DETAILED DESCRIPTION OF THE INVENTION

[0001]

BACKGROUND OF THE INVENTION 1. Field of the Invention The present invention relates to a rubber roller for transporting a medium used in industrial machines, especially OA equipment.

[0002]

2. Description of the Related Art A rubber roller is mounted inside an industrial machine, and is widely used as a part for conveying paper and cloth. Printers used in rotary presses and word processors,
Rubber rollers of various shapes and materials are used in copiers, automatic teller machines (ATMs) installed in banks and post offices, and the like.

[0003] The required characteristics of the rubber transfer rollers used in these machines can be summarized in the following three points. 1) Satisfy the initial required characteristics. 2) Even if the device is used for a long time, the device cannot be used due to a change in the characteristics of the rubber roller (long life of the rubber roller). 3) Inexpensive molding into the used shape (low cost of the rubber roller).

Among the main required characteristics, the following factors can be cited as factors that affect the longevity of the rubber roller in 2). B) Due to external factors (environmental factors) such as operating temperature, humidity, ozone, etc., the rubber becomes viscous, dries or cracks, and the rubber material deteriorates with time. B) Due to the mechanical pressure on the rubber roller, the outer diameter of the rubber roller changes with use (the compression set characteristic is involved). C) The rubber is worn by contact friction with a transport medium (paper, ribbon, bill, etc.), and the outer diameter changes. D) Ink printed on the transport medium, oil attached to the transport medium, or the like adheres to the surface of the rubber roller as the transport medium is transported, thereby deteriorating the material of the rubber roller. E) Ink or oil adhering to the surface of the rubber roller lowers the friction coefficient of the rubber roller, causing a slip phenomenon with the medium, preventing normal conveyance. F) In addition, it has rubber elasticity even at a low temperature of about −10 ° C. as at room temperature.

On the other hand, the low cost of the rubber roller is dealt with by using an inexpensive raw material or devising the shape of the rubber roller to simplify the molding process.

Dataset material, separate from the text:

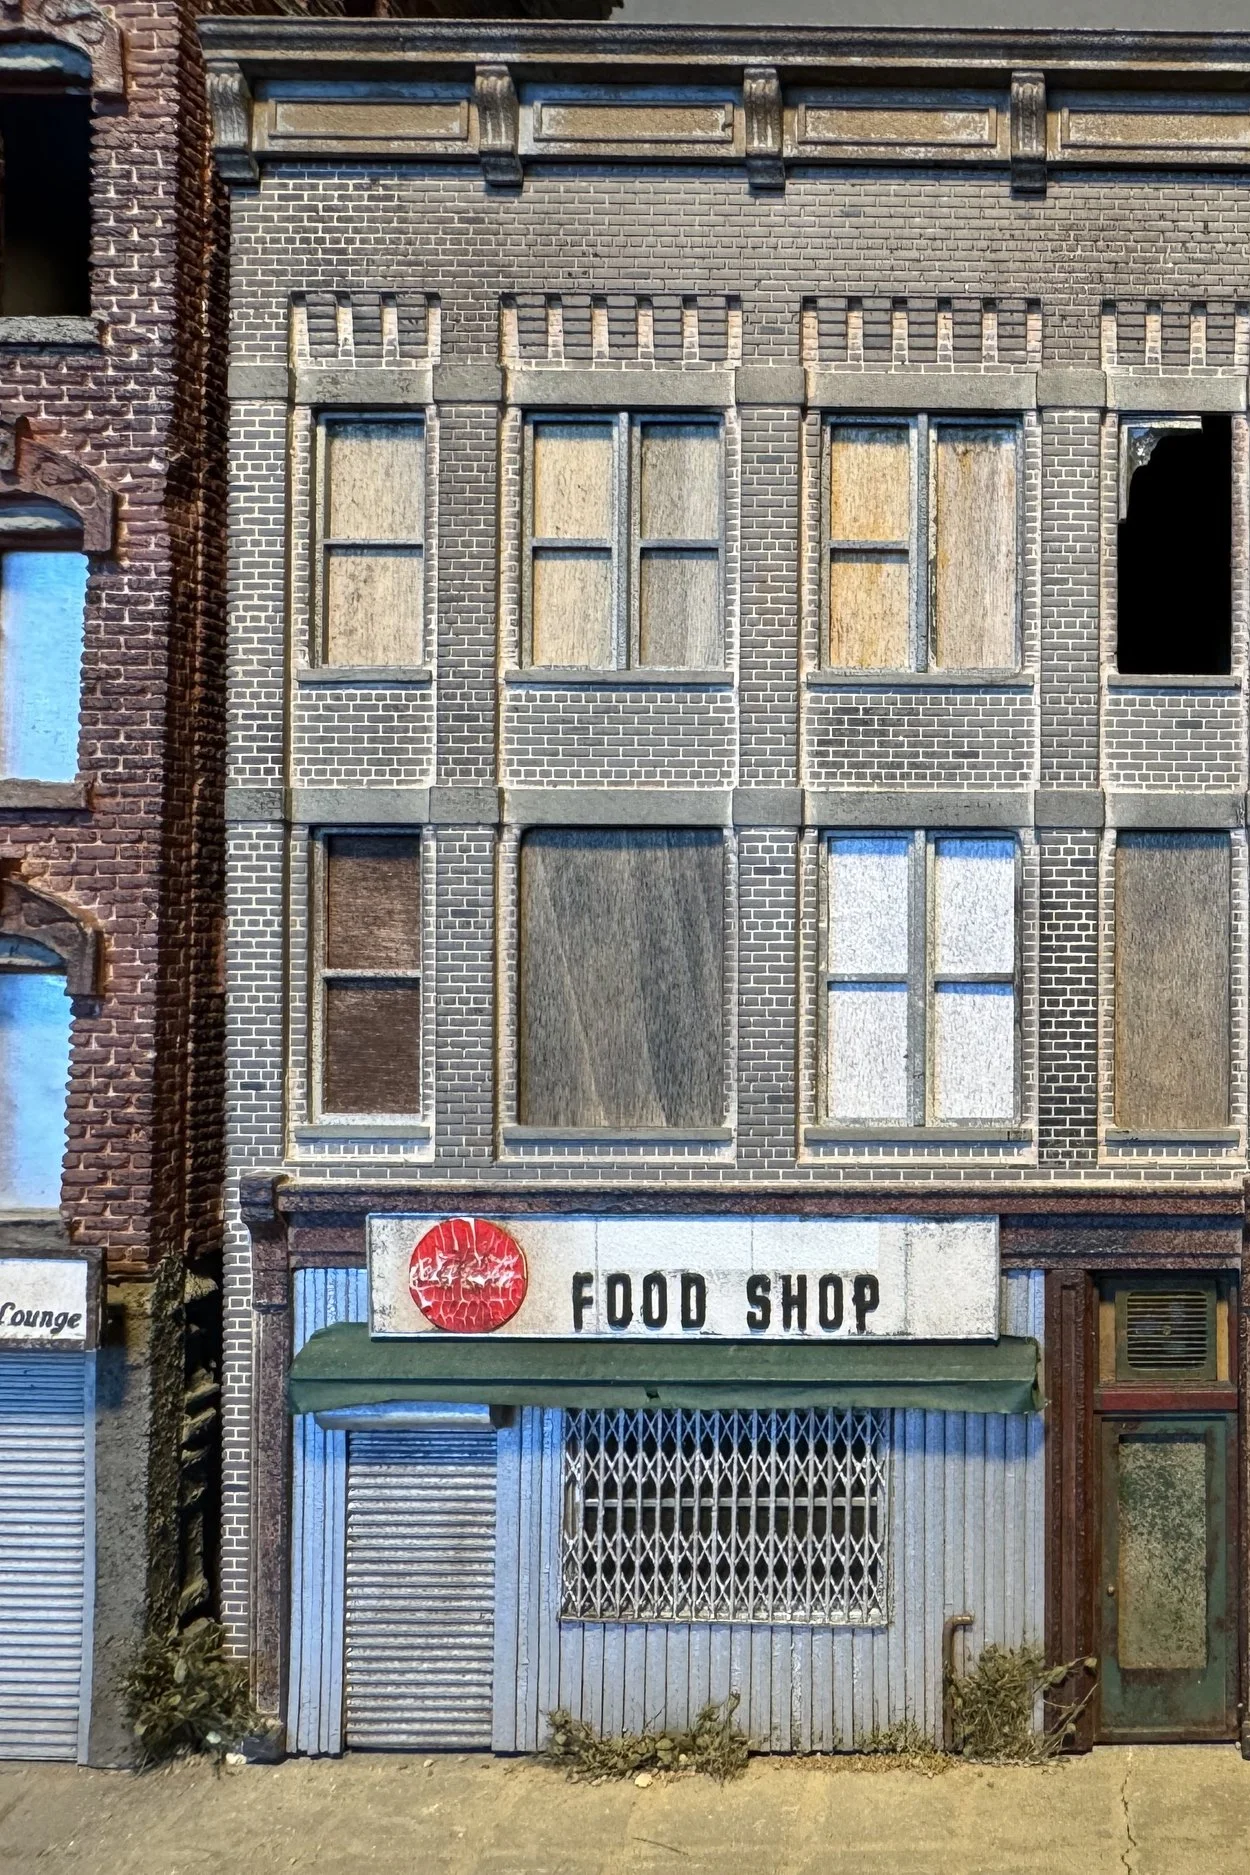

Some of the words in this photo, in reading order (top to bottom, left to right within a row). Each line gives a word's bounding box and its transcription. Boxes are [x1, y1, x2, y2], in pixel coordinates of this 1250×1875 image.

[0006] Now, in the current commercially available apparatus, the above-mentioned a)
There is no satisfactory rubber roller that can cope with the factors (1) to (4), and when the transport performance is deteriorated, it is usual to replace the rubber roller with a new rubber roller. However, if the transport performance deteriorates early, the frequency of replacement is increased, and the user of the apparatus desires to extend the life of the transport performance. Further, in the case of a rubber roller mounted on a part where replacement work is difficult, it is desired that deterioration of the rubber roller does not determine the life of the apparatus.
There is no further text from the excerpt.